Exercise requirements
Your task is to reproduce, exactly and only, the lines running from the line containing "this 1600×1066 image." to the end of the data below, both included.

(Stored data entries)
>>>>

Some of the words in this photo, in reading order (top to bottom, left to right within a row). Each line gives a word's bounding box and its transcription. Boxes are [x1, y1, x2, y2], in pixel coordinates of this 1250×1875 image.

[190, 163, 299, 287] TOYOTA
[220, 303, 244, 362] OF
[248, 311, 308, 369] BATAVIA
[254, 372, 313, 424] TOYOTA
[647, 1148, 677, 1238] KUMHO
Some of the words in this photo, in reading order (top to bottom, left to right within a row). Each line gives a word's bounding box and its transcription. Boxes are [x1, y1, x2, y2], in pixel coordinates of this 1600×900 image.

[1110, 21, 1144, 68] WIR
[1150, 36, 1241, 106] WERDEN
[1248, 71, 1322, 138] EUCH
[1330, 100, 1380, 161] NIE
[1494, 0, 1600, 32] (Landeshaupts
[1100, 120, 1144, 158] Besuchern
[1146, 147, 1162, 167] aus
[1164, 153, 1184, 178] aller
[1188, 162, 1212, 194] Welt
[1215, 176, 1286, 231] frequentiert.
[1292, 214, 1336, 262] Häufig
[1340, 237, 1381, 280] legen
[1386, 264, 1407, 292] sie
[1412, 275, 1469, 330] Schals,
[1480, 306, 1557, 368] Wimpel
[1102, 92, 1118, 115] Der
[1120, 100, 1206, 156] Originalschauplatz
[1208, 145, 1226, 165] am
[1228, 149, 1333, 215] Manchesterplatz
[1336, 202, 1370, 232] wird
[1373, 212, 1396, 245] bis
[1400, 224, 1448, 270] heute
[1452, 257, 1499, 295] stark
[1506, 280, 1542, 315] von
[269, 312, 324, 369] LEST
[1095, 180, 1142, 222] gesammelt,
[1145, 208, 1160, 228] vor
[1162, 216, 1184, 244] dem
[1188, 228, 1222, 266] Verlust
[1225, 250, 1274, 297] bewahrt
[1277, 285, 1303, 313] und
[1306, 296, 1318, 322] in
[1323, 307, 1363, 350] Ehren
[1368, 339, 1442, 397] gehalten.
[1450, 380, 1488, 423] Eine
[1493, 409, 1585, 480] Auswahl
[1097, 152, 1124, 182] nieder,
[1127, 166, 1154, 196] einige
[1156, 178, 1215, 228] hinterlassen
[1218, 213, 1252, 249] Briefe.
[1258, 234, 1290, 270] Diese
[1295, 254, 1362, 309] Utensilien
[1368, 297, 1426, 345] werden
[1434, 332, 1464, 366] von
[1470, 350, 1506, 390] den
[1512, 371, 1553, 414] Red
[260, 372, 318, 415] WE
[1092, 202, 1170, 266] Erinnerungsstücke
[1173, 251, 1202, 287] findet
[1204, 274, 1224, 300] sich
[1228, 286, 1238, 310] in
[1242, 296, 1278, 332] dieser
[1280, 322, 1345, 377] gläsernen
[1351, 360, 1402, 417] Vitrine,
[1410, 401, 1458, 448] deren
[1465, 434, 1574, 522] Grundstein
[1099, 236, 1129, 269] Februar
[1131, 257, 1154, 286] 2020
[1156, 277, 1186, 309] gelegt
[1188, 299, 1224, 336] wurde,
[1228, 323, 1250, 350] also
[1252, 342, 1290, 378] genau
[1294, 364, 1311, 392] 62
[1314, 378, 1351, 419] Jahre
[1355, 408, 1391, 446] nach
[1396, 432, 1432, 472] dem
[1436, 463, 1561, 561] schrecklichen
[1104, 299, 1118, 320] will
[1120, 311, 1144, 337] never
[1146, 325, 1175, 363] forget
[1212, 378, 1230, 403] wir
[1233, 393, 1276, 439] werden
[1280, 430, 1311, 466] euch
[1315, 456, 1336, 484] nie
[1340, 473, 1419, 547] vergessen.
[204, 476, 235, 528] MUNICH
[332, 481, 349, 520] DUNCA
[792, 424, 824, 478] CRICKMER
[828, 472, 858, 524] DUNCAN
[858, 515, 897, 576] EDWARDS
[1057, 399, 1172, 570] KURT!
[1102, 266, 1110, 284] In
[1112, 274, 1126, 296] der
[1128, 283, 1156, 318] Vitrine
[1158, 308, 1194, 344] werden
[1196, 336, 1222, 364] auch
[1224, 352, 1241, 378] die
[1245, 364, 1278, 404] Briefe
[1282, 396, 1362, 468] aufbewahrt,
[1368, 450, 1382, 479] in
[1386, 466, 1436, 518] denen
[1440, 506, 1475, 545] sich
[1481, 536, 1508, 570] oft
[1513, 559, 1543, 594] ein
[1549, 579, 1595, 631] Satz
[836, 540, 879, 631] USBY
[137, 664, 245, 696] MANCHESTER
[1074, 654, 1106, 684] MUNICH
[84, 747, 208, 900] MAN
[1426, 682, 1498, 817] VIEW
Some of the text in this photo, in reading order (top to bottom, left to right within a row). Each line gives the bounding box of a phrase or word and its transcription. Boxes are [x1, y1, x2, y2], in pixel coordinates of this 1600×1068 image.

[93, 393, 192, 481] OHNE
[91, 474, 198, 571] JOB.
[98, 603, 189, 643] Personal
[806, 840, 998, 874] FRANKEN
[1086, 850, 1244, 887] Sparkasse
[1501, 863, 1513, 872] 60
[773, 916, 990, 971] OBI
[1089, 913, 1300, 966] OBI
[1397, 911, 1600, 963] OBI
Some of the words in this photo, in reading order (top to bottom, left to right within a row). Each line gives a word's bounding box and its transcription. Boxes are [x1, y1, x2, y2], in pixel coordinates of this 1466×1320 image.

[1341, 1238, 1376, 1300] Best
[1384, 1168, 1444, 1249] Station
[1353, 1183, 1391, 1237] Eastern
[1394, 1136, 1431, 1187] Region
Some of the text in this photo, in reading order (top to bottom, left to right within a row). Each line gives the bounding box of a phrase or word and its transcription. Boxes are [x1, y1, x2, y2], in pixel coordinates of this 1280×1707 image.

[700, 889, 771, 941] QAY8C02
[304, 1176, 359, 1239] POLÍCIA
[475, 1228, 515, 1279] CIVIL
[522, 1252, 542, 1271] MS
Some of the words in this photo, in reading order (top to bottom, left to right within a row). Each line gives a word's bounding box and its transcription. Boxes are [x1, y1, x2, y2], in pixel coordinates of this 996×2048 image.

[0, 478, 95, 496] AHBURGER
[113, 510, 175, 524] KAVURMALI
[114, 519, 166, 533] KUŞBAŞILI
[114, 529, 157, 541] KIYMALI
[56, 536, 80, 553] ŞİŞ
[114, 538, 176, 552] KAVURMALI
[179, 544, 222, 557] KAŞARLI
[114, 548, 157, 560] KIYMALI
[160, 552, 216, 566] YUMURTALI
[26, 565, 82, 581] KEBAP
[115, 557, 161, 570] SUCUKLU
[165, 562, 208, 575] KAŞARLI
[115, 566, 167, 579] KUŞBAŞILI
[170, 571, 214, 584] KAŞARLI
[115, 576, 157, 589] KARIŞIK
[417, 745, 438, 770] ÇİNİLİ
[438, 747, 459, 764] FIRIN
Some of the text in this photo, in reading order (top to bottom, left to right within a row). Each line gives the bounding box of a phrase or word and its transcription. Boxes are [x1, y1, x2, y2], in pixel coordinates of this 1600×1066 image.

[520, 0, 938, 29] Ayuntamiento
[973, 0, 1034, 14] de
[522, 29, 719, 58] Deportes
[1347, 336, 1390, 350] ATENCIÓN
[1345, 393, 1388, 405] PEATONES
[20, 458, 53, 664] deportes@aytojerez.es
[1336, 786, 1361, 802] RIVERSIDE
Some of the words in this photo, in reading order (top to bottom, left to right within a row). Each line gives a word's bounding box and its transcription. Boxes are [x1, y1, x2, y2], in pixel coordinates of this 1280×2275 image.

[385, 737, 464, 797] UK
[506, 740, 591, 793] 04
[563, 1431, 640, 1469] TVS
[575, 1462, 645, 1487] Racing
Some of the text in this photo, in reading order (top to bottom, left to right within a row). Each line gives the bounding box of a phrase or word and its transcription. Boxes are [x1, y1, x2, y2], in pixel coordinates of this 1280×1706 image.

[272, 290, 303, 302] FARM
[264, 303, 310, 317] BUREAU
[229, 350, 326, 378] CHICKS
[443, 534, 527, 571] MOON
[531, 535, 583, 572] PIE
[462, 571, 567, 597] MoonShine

<<<<

Solution below
Some of the text in this photo, in reading order (top to bottom, left to right within a row). Each line gives the bounding box of a phrase or word and its transcription. Boxes are [x1, y1, x2, y2], in pixel coordinates of this 1600×1066 image.

[520, 0, 938, 29] Ayuntamiento
[973, 0, 1034, 14] de
[522, 29, 719, 58] Deportes
[1347, 336, 1390, 350] ATENCIÓN
[1345, 393, 1388, 405] PEATONES
[20, 458, 53, 664] deportes@aytojerez.es
[1336, 786, 1361, 802] RIVERSIDE
Some of the words in this photo, in reading order (top to bottom, left to right within a row). Each line gives a word's bounding box and its transcription. Boxes are [x1, y1, x2, y2], in pixel coordinates of this 1280×2275 image.

[385, 737, 464, 797] UK
[506, 740, 591, 793] 04
[563, 1431, 640, 1469] TVS
[575, 1462, 645, 1487] Racing
Some of the text in this photo, in reading order (top to bottom, left to right within a row). Each line gives the bounding box of a phrase or word and its transcription. Boxes are [x1, y1, x2, y2], in pixel coordinates of this 1280×1706 image.

[272, 290, 303, 302] FARM
[264, 303, 310, 317] BUREAU
[229, 350, 326, 378] CHICKS
[443, 534, 527, 571] MOON
[531, 535, 583, 572] PIE
[462, 571, 567, 597] MoonShine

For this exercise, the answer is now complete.